1883 in sports describes the year's events in world sport.

==Athletics==
- USA Outdoor Track and Field Championships

==American football==
College championship
- College football national championship – Yale Bulldogs
Events
- Modification of the scoring rules produces a system of four points for a touchdown, two points for kicks after touchdowns, two points for safeties, and five for field goals.

==Association football==
England
- FA Cup final – Blackburn Olympic 2–1 Old Etonians (aet). This is the first time that the FA Cup is won by a professional team and by a team from the north of England.
- Burnley FC moves to its present ground at Turf Moor and plays its first game there in February against Rawtenstall, but loses 6–3.
- Bristol Rovers founded as Black Arabs FC.
Scotland
- Scottish Cup final – Dumbarton 2–1 Vale of Leven (replay following 2–2 draw)
Australia

- Balgownie Rangers, the oldest existing Australian soccer club, is founded.
- An inter-colonial game is played between Victoria and New South Wales at East Melbourne Cricket Ground

==Baseball==
National championship
- National League v.

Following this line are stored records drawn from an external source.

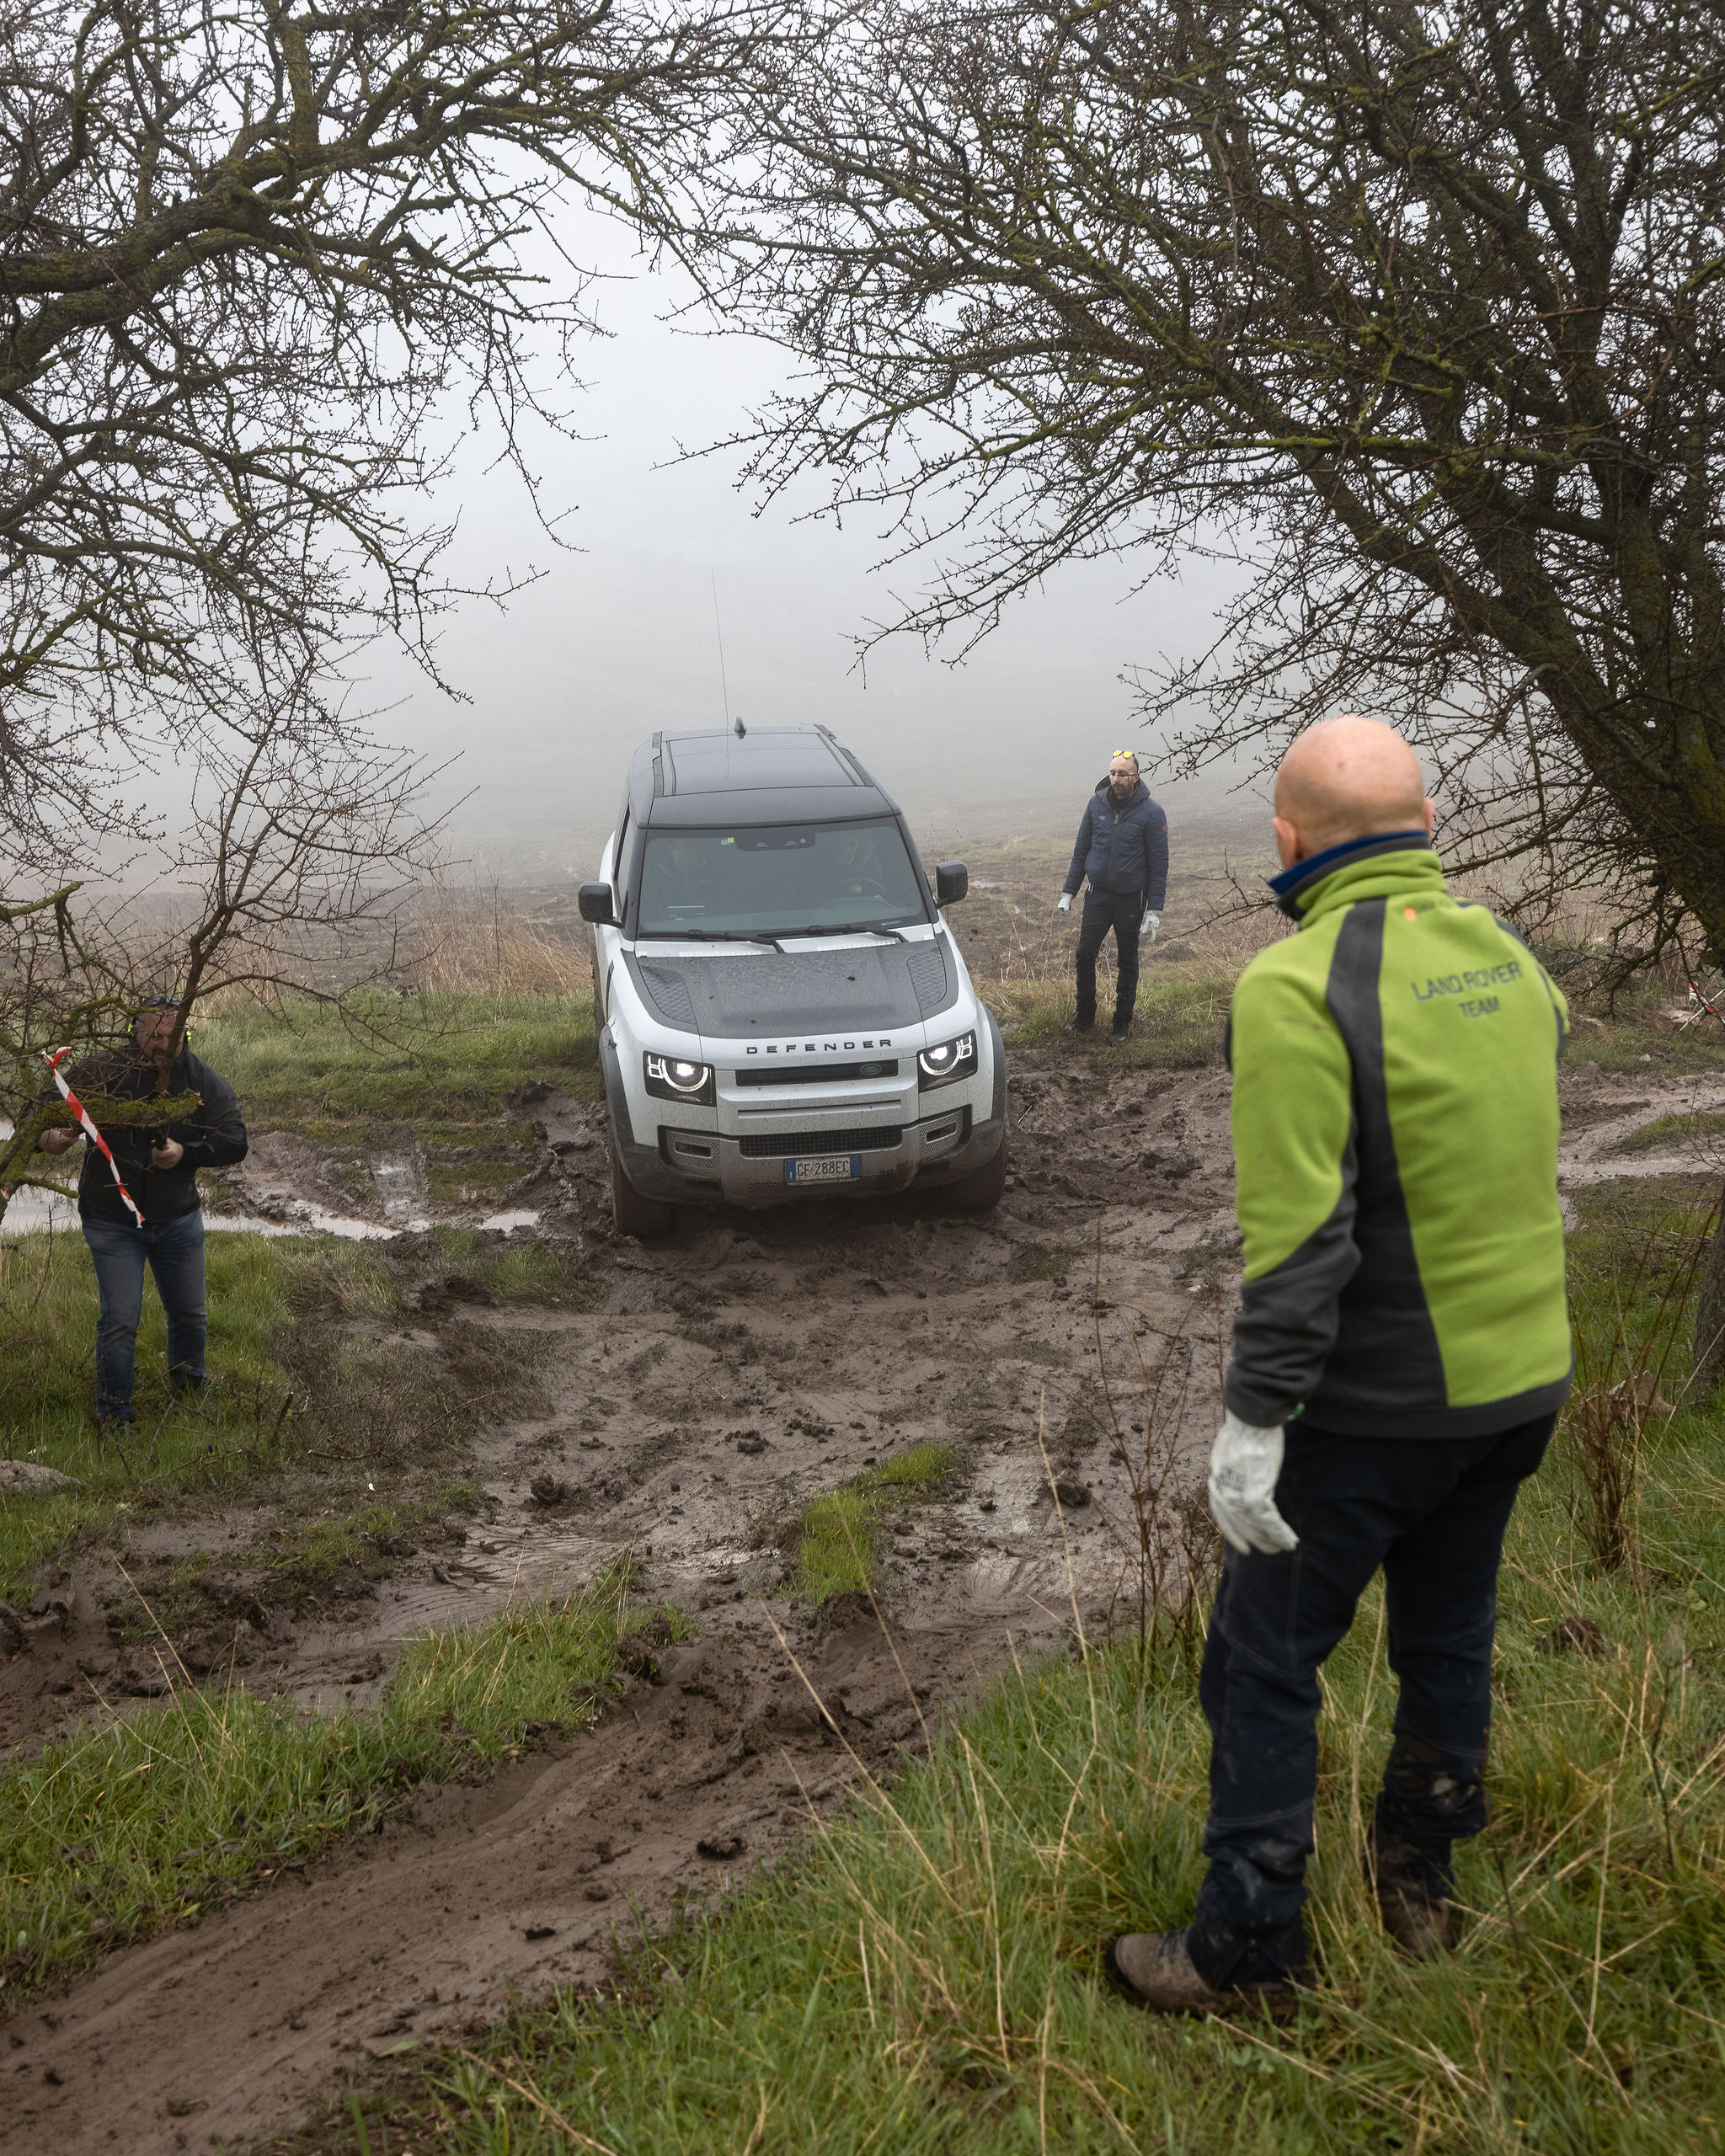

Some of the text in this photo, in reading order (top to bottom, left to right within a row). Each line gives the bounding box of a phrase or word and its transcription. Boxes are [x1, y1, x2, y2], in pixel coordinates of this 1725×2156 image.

[1411, 961, 1523, 1001] LAND ROVER
[1458, 996, 1501, 1018] TEAM
[746, 1039, 891, 1054] DEFENDER
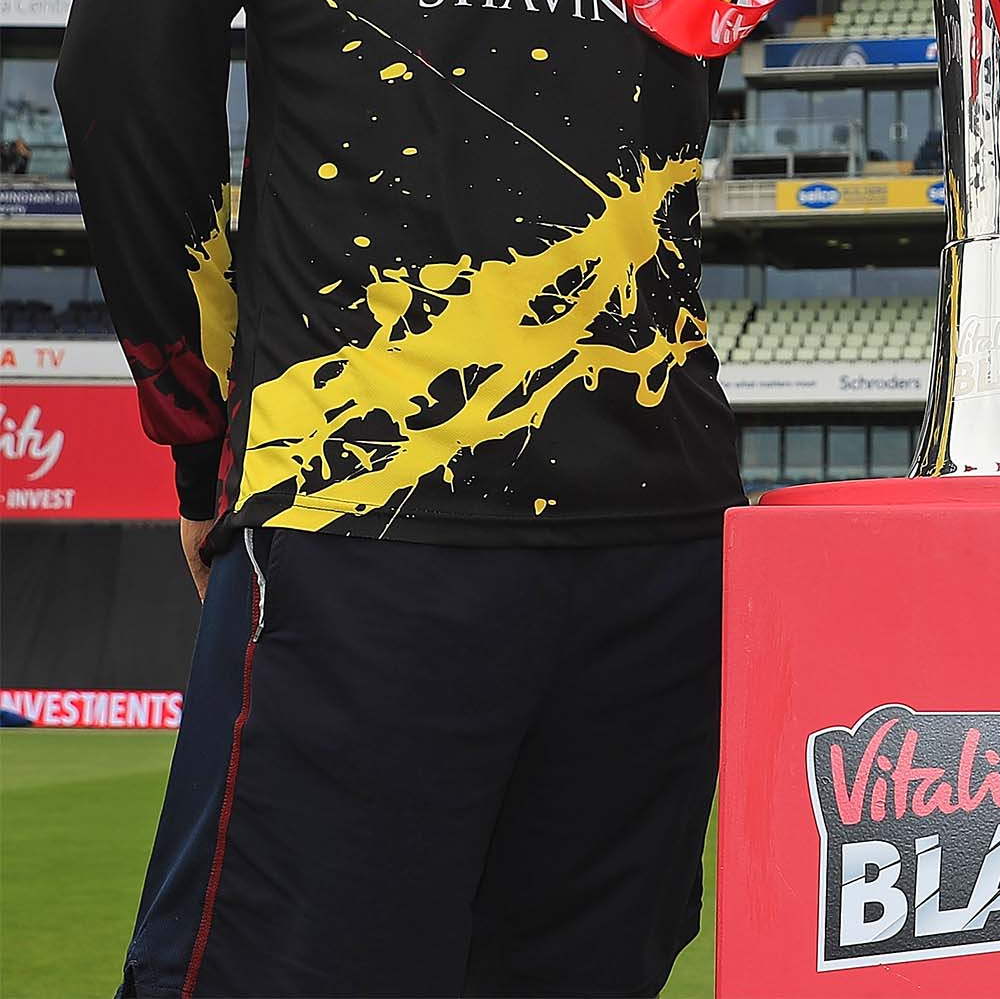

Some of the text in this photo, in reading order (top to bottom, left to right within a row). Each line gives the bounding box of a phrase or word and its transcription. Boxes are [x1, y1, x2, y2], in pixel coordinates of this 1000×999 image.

[35, 348, 66, 368] TV
[839, 374, 921, 390] Schroders
[0, 402, 65, 482] ity
[7, 488, 76, 510] INVEST

American Association – Boston Beaneaters (NL) v. Philadelphia Athletics (AA) cancelled
Events
- The NL, AA, and Northwestern League limit competition in the Tripartite Agreement, the first National Agreement and the birth of so-called "Organised Baseball".
- 6 September — Chicago White Stockings set a still standing record for Major League Baseball by scoring 18 runs in a single inning (the 7th) in a game against the Detroit Wolverines.

==Boxing==
Events
- American heavyweight champion John L. Sullivan has a scare when he is knocked down in the first round of his fight against Charley Mitchell in New York City. He recovers to secure a technical knockout when police intervene after the third round and stop the fight. Sullivan goes on tour across America, fighting mainly in exhibition bouts; none of his genuine challengers last more than three rounds.

== Canadian Football ==

- Canadian Football still closely resembles rugby union at this point in its history. A field goal is worth 6 points, a try 4, a safety 2 points and a kick to the deadline and a rouge are both worth 1.
- Both the Ontario and Quebec Rugby Football Unions are founded. Montreal wins the inaugural season of the Quebec competition, while Toronto wins its Ontario counterpart.

==Cricket==
Events
- England tours Australia to play a Test series of three matches, England winning 2–1 and so regaining The Ashes for the first time.
England
- Champion County – Nottinghamshire
- Most runs – Walter Read 1,573 @ 47.66 (HS 168)
- Most wickets – Ted Barratt 148 @ 15.90 (BB 8–28)
Australia
- Most runs – Alec Bannerman 434 @ 54.25 (HS 101*)
- Most wickets – Eugene Palmer 51 @ 11.52 (BB 7–65)

==Golf==
Major tournaments
- British Open – Willie Fernie

==Horse racing==
England
- Grand National – Zoedone
- 1,000 Guineas Stakes – Hauteur
- 2,000 Guineas Stakes – Galliard
- The Derby – St. Blaise
- The Oaks – Bonny Jean
- St. Leger Stakes – Ossian
Australia
- Melbourne Cup – Martini-Henry
Canada
- Queen's Plate – Roddy Pringle
Ireland
- Irish Grand National – The Gift
- Irish Derby Stakes – Sylph
USA
- Kentucky Derby – Leonatus
- Preakness Stakes – Jacobus
- Belmont Stakes – George Kinney

==Ice hockey==
- The first Montreal Winter Carnival ice hockey tournament is held as part of the Montreal Winter Carnival in Montreal, Quebec, Canada in late January and early February. It is the first championship ice hockey tournament and is won by the Montreal McGill University team.
- 5 March – The Ottawa Hockey Club is founded.

==Luge==
Events
- First organised competition takes place in Davos, Switzerland

==Rowing==
The Boat Race
- 15 March — Oxford wins the 40th Oxford and Cambridge Boat Race

==Rugby football==
Home Nations Championship
- The inaugural series is won by England
Other events
- Foundation of Hull Kingston Rovers and Hunslet

==Tennis==
England
- Wimbledon Men's Singles Championship – William Renshaw (GB) defeats Ernest Renshaw (GB) 2–6 6–3 6–3 4–6 6–3
USA
- American Men's Singles Championship – Richard D. Sears (USA) defeats James Dwight (USA) 6–2 6–0 9–7

World
- The 7th pre-open era 1883 Men's Tennis tour gets underway 30 tournaments are staged this year from 24 April to 12 November.